4.6. Western Blot Analysis
The cells were harvested and lysed. Their proteins were quantified using the BioRad protein assay (Hercules, CA, USA). For the mitochondrial fraction, we used Mitochondria Isolation Kit for Cultured Cells from Thermo Fisher Scientific (Waltham, MA USA), and followed the protocol. The final supernatant is a cytosol fraction, and the pellet contains the isolated mitochondria. The proteins of the extracts were resolved by electrophoresis, electrotransferred to a polyvinylidene difluoride membrane from Millipore (Bedford, MA, USA), and then the membrane was incubated with the primary antibodies followed by a conjugated secondary antibody to peroxidase. Blots were developed under an ECL detection system.

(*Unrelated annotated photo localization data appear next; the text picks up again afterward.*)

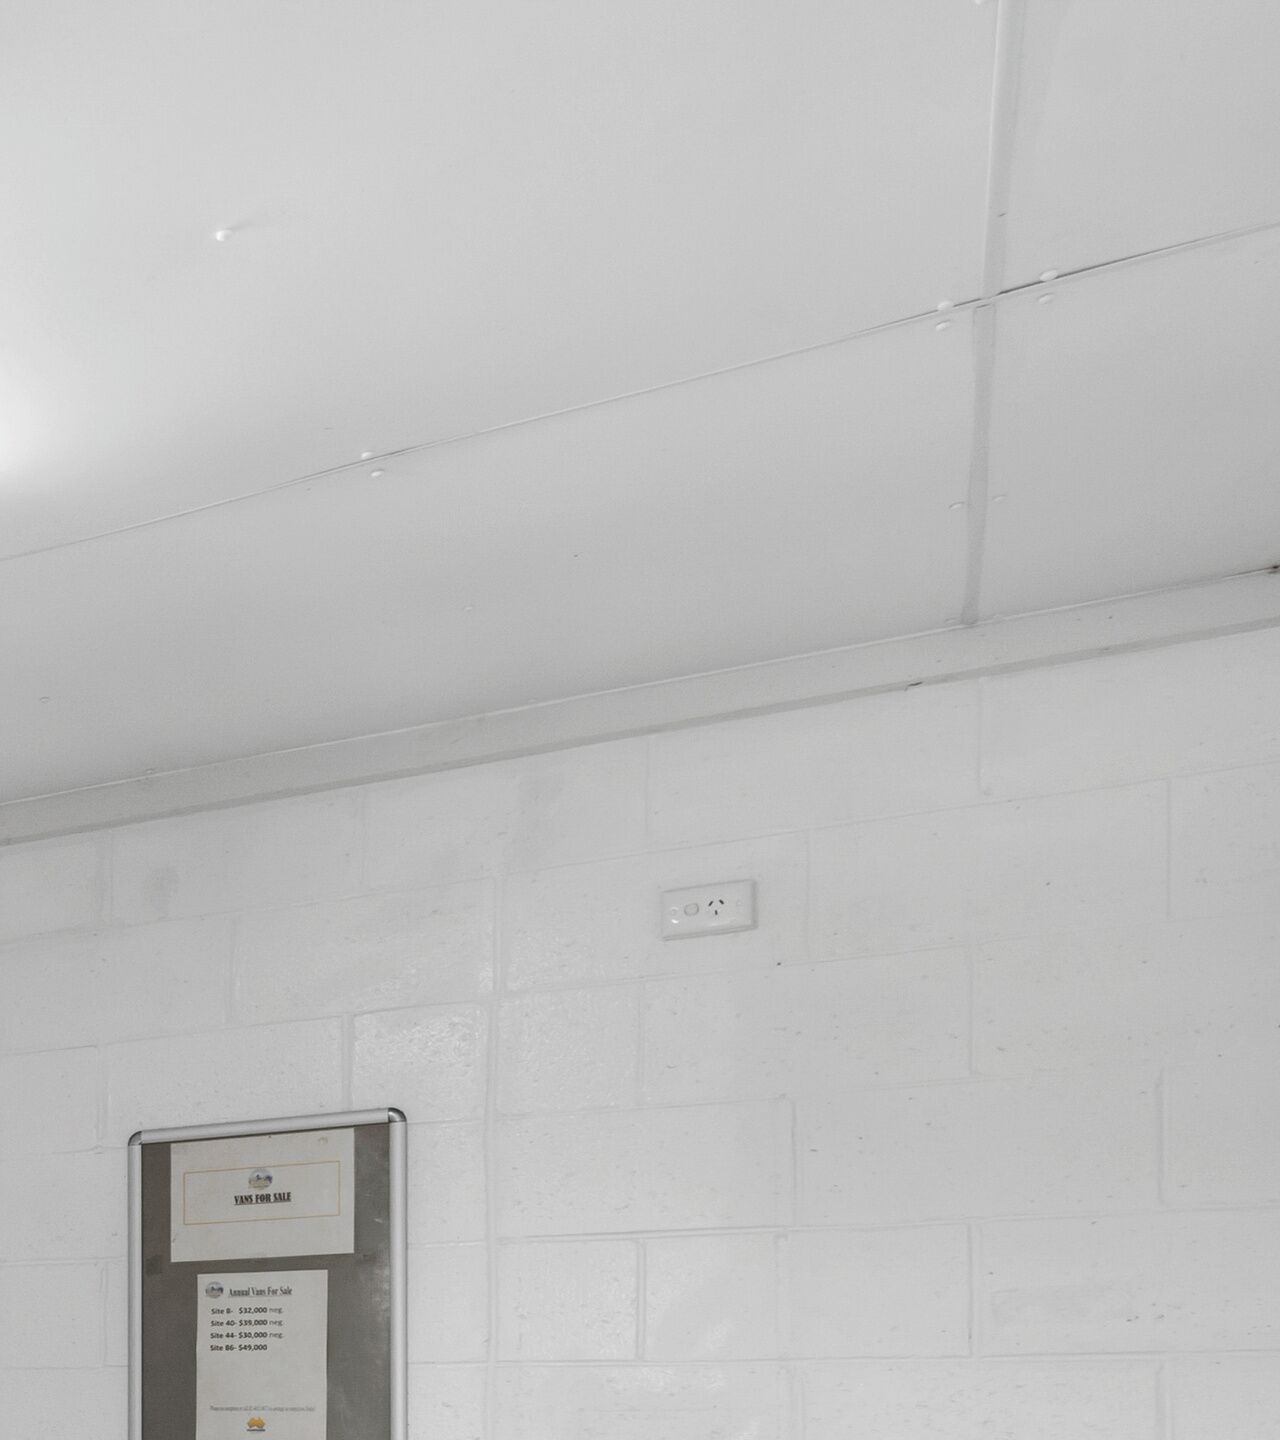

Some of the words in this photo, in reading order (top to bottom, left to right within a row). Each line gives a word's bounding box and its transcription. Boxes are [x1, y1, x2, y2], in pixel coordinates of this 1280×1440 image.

[234, 1195, 253, 1205] VANS
[256, 1193, 271, 1204] FOR
[273, 1192, 291, 1202] SALE
[229, 1287, 250, 1296] Annual
[251, 1287, 266, 1296] Vans
[268, 1286, 278, 1295] For
[280, 1286, 292, 1296] Sale
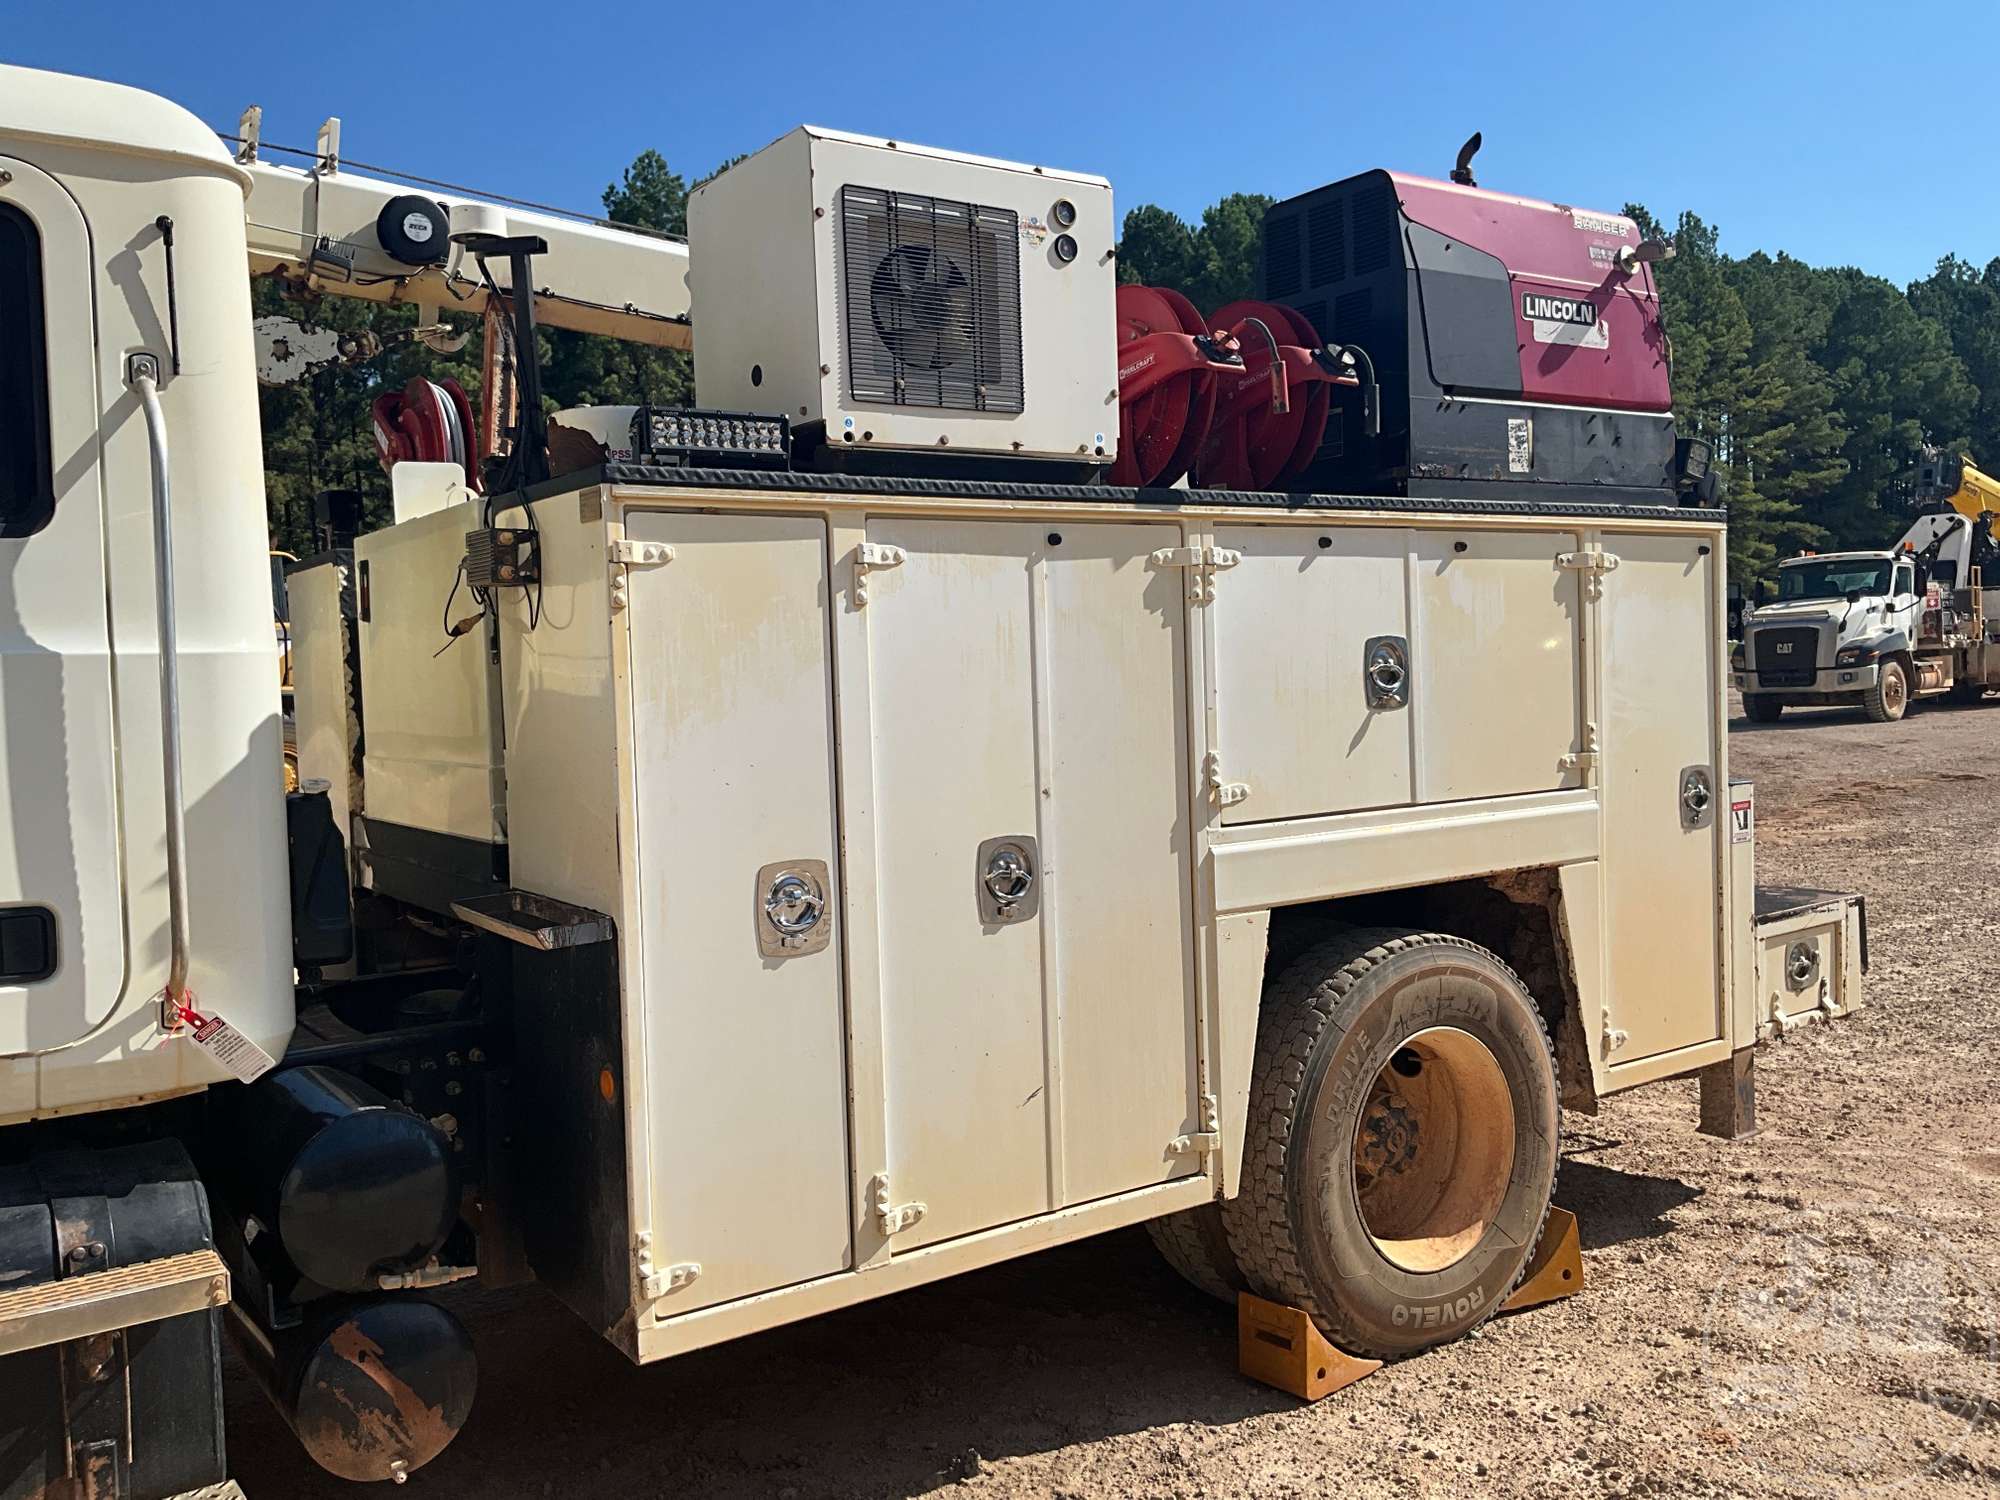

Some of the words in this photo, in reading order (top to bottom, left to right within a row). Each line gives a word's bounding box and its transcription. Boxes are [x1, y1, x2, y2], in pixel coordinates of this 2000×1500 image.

4.7. Assay of Caspase Activity
Caspase activity was measured by colorimetric assay kits, which utilized the following synthetic tetrapeptides, labeled with p-nitroaniline (pNA): Asp-Glu-Val-Asp (DEAD) for caspase-3, Ile-Glu-Thr-Asp (IETD) for caspase-8 and Leu-Glu-His-Asp (LEHD) for caspase-9. The cells were lysed in the supplied lysis buffer. The supernatants were collected and incubated with the supplied reaction buffer containing dithiothreitol and substrates at 37 °C. The caspase activities were determined by absorbance at 405 nm using the microplate reader.
4.8. Statistics
Each experiment was performed in triplicate. The results were expressed as means ± SD. Significant differences were determined using the one-way analysis of variance (ANOVA) with post-test Neuman-Keuls for the cases with at least three treatment groups, and Student’s t-test for two group comparison. Statistical significance was defined as p < 0.05.
5. Conclusions
In this study, we demonstrated that morin suppressed cell viability and induced caspase-dependent apoptosis in U937 cells. The induction of apoptosis was triggered through an intrinsic pathway by up-regulation of BAD proteins. In addition, Bcl-2 protein expression is also important in morin-induced apoptosis of U937 cells. This study provides evidence that morin might have anticancer properties in human leukemic cells.
Acknowledgments
This study was supported by grants from the National R&D Program for Cancer Control, Ministry of Health & Welfare, Republic of Korea (0820050). We thank the Aging Tissue Bank (ATB) for providing research materials and information.
Author Contributions
Cheol Park, and Won Sup Lee conducted the majority of the experiments and prepared the first draft of the manuscript. Cheol Park, Se-Il Go, Min Ho Han, and Arulkumar Nagappan participated in the design and analysis, and helped to draft the manuscript. Min Ho Han, and Su Hyun Hong conducted the statistical analysis and the interpretation of results, and helped to draft the manuscript. Gon Sup Kim, Gi Young Kim and Arulkumar Nagappan participated in data interpretation and helped to draft the manuscript. Taeg Kyu Kwon, Chung Ho Ryu and Sung Chul Shin helped to revise the manuscript. Cheol Park, Won Sup Lee and Yung Hyun Choi planned and designed this research, and revised the manuscript.
Conflicts of Interest
The authors declare no conflict of interest.